Hey all, it's Sarah Frier. Vaccines have been widely available in the U.S. for a while. As a result, the digital conversation about them has had time to mature, as have the defenses against vaccine rumors, misinformation and disinformation. Top immunization skeptics have been banned from Facebook Inc. and YouTube for months, as have millions of pieces of content that could lead users to make bad health decisions.

But in most of the world, people are still just beginning to learn about the shots, and are waiting to be eligible for them. They're having a very different social media experience.

The same content that has already gone viral and been banned in the U.S. is now being adapted to non-English speaking markets, getting translated and spread in other languages by regional news sites and sometimes escaping tech giants' scrutiny. That's either because their artificial intelligence systems are still learning how to solve the problems in that language, or because their fact-checking network simply isn't as strong outside of the U.S. My colleague Daniel Zuidijk and I laid out the problem in Bloomberg Businessweek on Thursday

It makes sense: Facebook, Instagram and Google's YouTube are all based in California, built first in English and have employees that respond to criticism in the English-speaking media. Problems are often solved in the U.S. before companies figure out what to do with the rest of the world—where most of their users reside. For instance, Facebook's machine learning algorithms are trained to find problems now in more than a dozen languages; their product is offered in more than 100. 
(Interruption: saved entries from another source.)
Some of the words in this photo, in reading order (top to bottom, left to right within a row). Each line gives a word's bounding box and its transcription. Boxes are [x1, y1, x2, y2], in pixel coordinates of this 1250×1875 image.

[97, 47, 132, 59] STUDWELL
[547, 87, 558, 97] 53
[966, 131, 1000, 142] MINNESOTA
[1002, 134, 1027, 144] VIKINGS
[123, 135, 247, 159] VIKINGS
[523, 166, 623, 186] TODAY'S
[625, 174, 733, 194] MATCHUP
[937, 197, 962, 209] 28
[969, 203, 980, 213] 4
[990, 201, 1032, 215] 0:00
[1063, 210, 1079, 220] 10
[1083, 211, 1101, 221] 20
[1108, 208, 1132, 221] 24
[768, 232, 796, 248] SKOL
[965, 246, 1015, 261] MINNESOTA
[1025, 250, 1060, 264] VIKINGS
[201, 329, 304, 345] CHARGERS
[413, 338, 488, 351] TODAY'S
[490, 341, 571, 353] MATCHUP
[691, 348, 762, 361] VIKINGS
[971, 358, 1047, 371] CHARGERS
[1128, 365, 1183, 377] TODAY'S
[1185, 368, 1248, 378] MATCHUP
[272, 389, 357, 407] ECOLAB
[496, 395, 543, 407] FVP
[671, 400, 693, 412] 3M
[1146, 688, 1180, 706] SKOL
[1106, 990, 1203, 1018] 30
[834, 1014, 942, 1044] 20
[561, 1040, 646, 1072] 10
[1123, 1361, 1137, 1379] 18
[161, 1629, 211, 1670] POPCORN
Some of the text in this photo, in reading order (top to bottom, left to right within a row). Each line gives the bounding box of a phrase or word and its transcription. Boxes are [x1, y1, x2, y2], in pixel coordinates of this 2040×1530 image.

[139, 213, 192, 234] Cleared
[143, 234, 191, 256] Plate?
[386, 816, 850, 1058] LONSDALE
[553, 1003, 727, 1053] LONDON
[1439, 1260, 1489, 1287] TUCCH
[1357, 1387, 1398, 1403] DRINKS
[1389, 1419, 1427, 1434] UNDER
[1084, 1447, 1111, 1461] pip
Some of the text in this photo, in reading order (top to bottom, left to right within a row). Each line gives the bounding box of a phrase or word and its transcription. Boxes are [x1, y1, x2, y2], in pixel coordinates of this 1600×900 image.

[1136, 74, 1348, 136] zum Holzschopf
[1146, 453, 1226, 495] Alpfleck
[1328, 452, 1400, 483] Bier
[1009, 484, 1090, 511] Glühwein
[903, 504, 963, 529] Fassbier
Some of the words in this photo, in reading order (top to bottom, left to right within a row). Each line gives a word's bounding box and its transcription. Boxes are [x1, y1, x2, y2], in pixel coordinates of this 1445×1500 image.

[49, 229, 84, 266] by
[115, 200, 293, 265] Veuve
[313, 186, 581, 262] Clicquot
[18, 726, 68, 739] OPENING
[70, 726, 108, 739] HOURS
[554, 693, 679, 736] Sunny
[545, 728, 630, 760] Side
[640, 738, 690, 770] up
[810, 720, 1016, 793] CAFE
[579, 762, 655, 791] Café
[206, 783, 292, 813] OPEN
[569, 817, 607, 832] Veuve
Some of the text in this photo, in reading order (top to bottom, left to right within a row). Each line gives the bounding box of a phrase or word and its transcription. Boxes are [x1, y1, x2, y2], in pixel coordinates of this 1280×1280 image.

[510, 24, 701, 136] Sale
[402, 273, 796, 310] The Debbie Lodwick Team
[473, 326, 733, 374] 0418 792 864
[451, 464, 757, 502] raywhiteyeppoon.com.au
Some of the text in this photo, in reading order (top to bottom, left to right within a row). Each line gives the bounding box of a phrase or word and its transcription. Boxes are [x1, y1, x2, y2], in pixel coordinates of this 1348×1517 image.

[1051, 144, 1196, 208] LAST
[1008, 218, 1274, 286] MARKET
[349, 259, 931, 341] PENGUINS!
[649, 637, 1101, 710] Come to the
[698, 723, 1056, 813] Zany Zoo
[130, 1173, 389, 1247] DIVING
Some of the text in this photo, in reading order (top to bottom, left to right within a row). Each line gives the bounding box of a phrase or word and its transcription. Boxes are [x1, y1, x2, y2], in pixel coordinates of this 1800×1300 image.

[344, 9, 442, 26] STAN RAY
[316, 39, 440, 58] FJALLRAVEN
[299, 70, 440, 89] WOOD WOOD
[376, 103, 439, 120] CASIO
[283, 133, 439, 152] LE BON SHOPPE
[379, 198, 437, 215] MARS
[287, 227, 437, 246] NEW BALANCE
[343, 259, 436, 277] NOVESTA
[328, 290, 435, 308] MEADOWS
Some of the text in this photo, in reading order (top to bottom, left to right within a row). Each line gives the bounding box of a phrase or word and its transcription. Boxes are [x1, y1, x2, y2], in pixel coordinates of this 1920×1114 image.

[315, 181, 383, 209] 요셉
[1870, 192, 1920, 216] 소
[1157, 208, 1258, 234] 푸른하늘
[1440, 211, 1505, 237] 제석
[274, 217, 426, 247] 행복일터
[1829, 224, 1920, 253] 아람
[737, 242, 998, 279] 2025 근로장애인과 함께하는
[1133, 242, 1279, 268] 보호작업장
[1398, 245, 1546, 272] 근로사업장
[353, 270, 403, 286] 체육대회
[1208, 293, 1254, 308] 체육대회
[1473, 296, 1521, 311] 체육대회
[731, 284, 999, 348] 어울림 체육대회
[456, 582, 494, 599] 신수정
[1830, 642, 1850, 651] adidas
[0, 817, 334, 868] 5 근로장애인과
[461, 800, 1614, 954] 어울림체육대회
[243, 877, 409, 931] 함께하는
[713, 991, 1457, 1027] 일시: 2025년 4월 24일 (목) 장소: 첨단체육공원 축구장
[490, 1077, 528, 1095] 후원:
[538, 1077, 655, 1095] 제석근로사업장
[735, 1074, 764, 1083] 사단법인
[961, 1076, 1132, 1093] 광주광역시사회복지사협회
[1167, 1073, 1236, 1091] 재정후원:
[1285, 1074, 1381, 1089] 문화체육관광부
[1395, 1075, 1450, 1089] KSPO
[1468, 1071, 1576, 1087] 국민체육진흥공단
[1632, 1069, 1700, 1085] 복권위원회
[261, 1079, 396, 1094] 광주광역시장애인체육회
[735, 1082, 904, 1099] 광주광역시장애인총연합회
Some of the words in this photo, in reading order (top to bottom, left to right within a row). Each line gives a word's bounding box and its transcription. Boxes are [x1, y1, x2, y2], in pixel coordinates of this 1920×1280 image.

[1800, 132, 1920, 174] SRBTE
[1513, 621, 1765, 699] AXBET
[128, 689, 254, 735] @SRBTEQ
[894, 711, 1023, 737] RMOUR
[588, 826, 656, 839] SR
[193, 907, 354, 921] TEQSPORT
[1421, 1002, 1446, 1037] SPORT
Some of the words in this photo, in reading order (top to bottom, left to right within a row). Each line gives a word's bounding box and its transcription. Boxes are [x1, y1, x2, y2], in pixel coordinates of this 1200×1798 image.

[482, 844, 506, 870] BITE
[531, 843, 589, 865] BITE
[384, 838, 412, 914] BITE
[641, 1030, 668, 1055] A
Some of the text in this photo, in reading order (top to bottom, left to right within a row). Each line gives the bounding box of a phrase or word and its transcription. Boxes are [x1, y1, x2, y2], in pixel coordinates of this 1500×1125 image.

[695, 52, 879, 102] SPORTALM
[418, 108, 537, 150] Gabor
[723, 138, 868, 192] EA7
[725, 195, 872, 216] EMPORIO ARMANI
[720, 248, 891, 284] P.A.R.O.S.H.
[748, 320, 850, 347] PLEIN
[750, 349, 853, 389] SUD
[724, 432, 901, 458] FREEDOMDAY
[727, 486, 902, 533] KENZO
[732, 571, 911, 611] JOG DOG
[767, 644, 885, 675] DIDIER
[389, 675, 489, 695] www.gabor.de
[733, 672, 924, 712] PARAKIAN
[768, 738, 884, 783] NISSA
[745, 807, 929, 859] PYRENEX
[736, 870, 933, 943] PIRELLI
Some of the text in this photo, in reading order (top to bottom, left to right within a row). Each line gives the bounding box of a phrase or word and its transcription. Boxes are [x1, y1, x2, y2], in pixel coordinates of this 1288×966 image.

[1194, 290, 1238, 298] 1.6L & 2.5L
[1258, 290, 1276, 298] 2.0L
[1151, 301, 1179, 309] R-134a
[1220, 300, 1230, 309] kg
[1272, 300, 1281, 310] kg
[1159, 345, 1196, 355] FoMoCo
The problem isn't new. Facebook was critiqued in 2018 for helping give rise to ethnic violence in Myanmar, particularly because it didn't have anyone on staff who understood the danger of the rumors being spread on its platform. To this day, the company won't disclose how many moderators it employs in a specific language or region. More recently, the pandemic has presented a unique challenge because it's a global phenomenon, with information traveling across countries and media markets. 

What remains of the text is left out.